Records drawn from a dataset
>>>>>
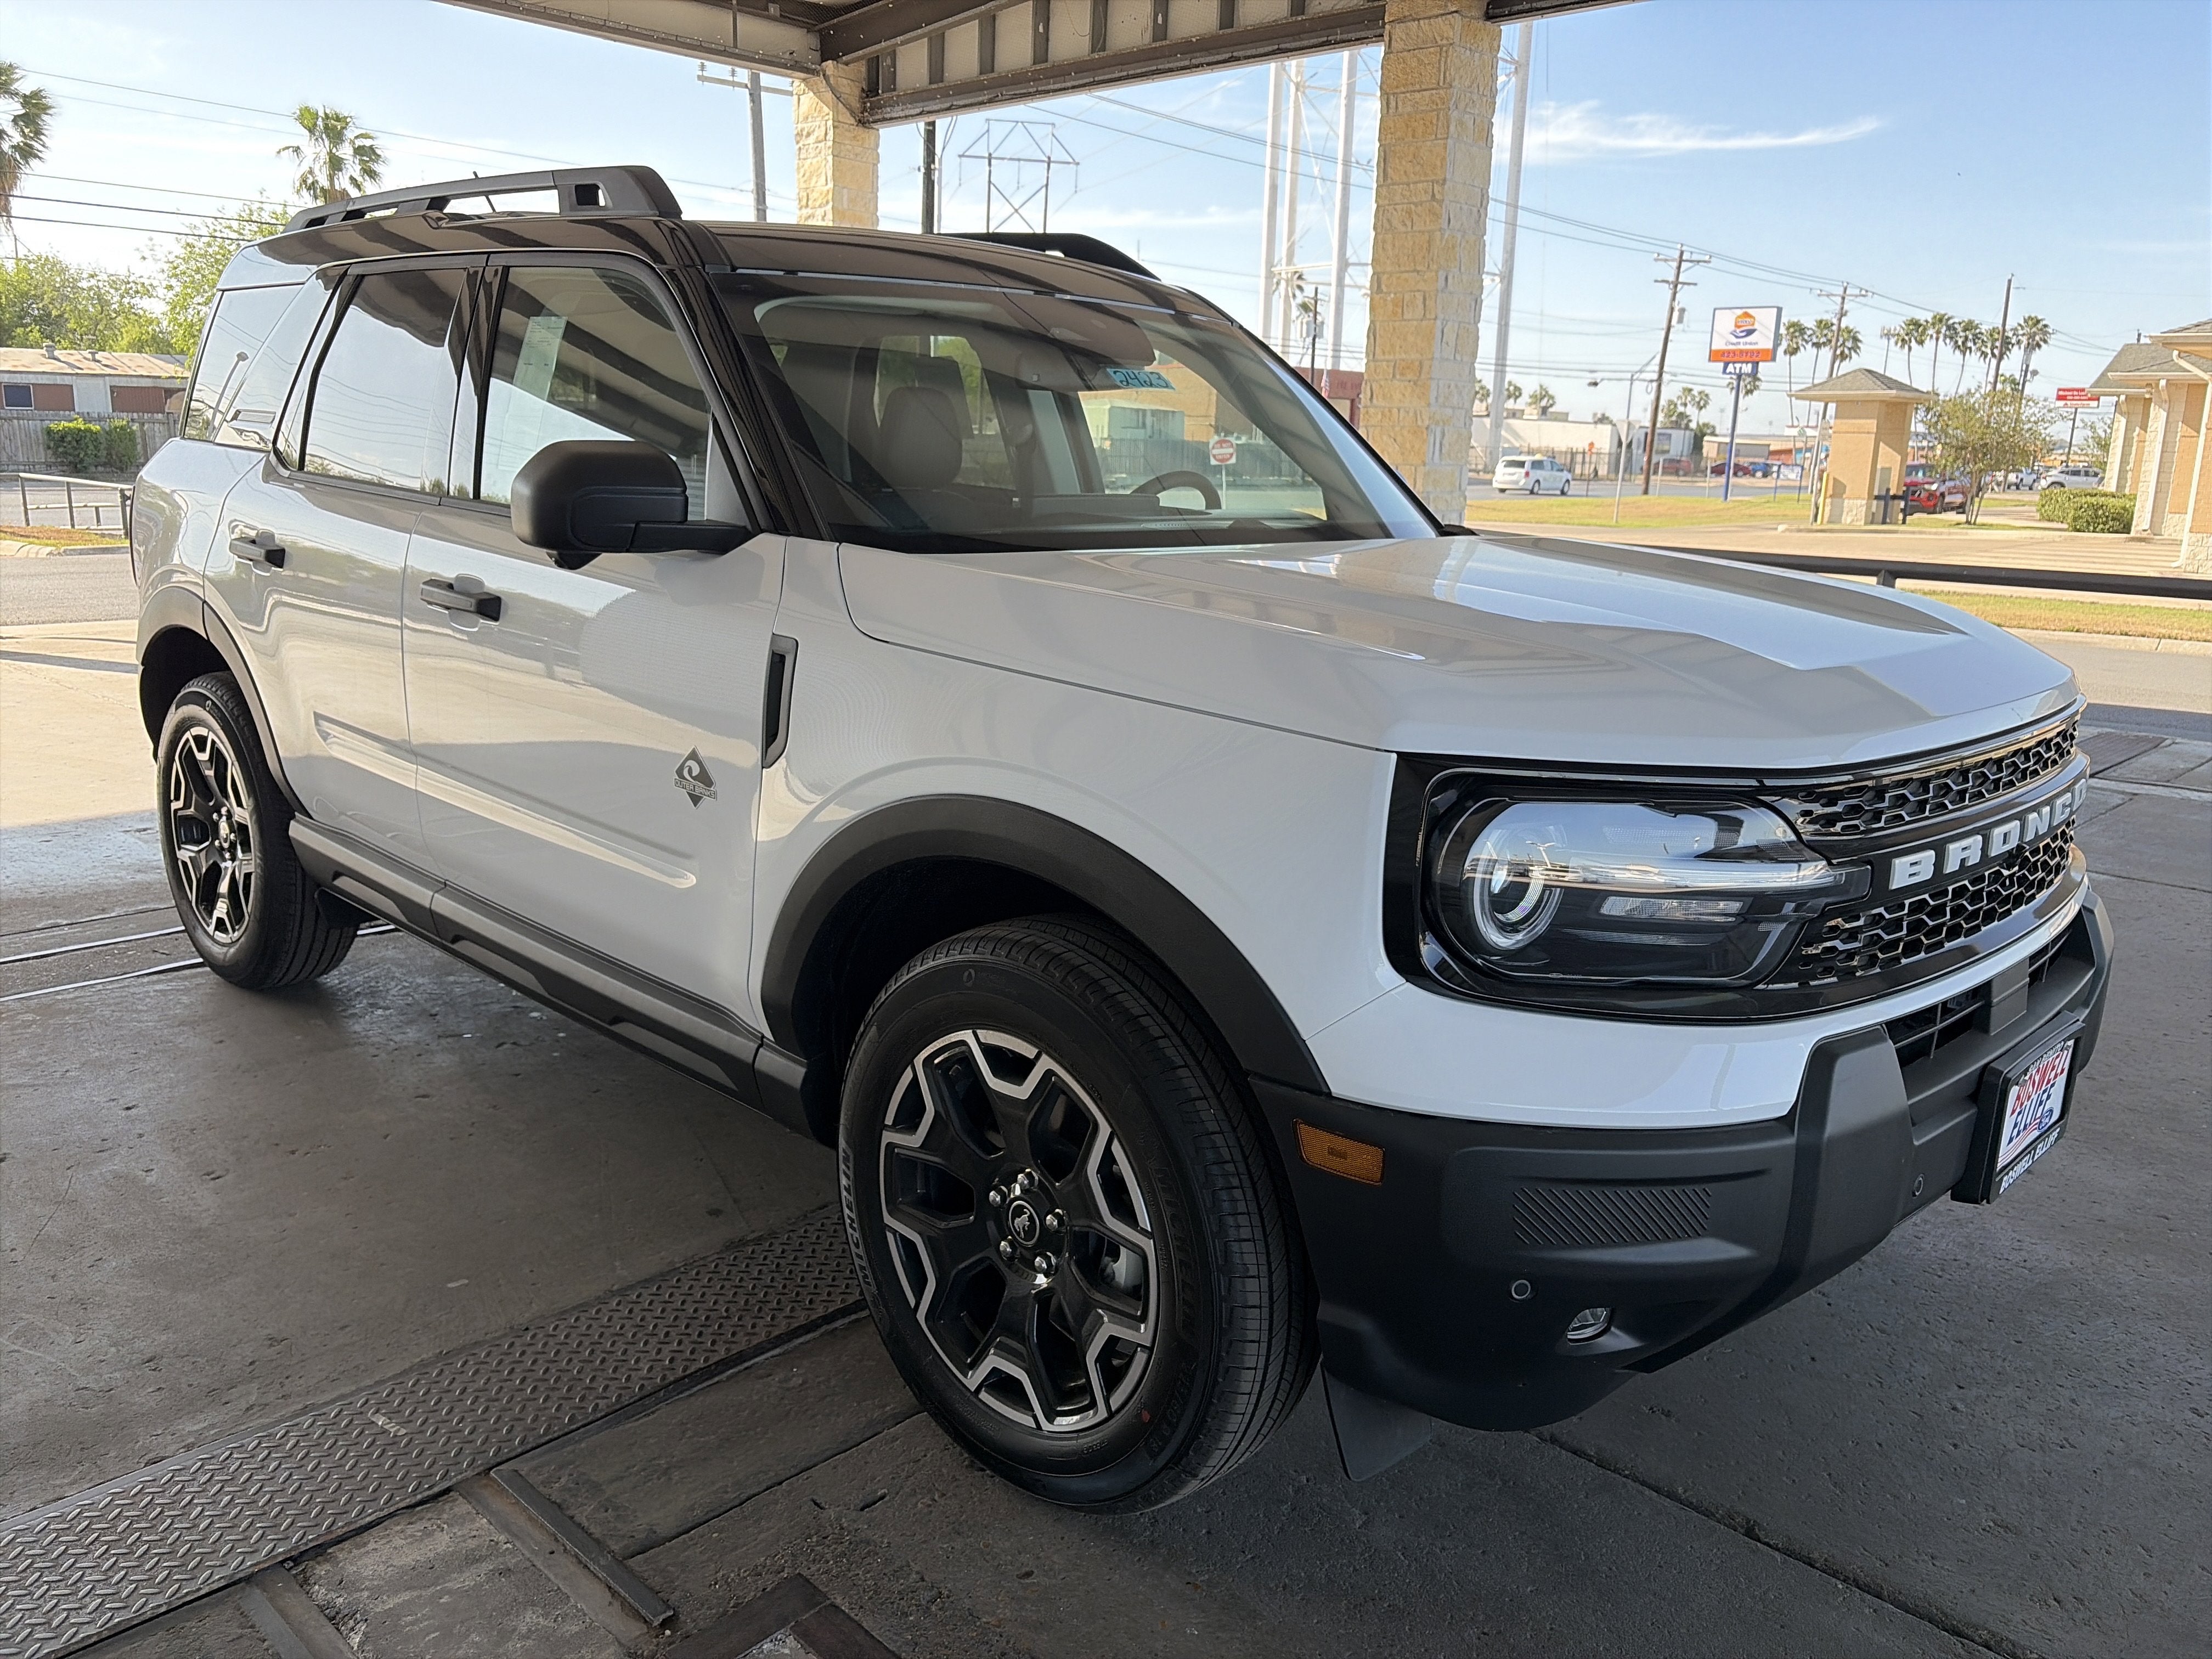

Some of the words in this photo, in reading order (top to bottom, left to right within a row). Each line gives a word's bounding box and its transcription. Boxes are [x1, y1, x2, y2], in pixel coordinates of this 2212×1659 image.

[1113, 370, 1169, 387] 2423
[1725, 363, 1752, 374] ATM
[675, 780, 694, 792] OUTER
[695, 785, 715, 798] BANKS
[1890, 778, 2087, 890] BRONCO
[2009, 1049, 2069, 1118] BOSWELL
[2006, 1080, 2057, 1147] ELLIFF
[2033, 1127, 2061, 1162] ELLIFF
[1999, 1149, 2034, 1194] BOSWELL
[842, 1146, 873, 1288] MICHELIN
<<<<<
Wherever a picture appears, omit it; copy the rest of the data exactly.

- WORKED SOLUTION:
Some of the words in this photo, in reading order (top to bottom, left to right within a row). Each line gives a word's bounding box and its transcription. Boxes are [x1, y1, x2, y2], in pixel coordinates of this 2212×1659 image.

[1113, 370, 1169, 387] 2423
[1725, 363, 1752, 374] ATM
[675, 780, 694, 792] OUTER
[695, 785, 715, 798] BANKS
[1890, 778, 2087, 890] BRONCO
[2009, 1049, 2069, 1118] BOSWELL
[2006, 1080, 2057, 1147] ELLIFF
[2033, 1127, 2061, 1162] ELLIFF
[1999, 1149, 2034, 1194] BOSWELL
[842, 1146, 873, 1288] MICHELIN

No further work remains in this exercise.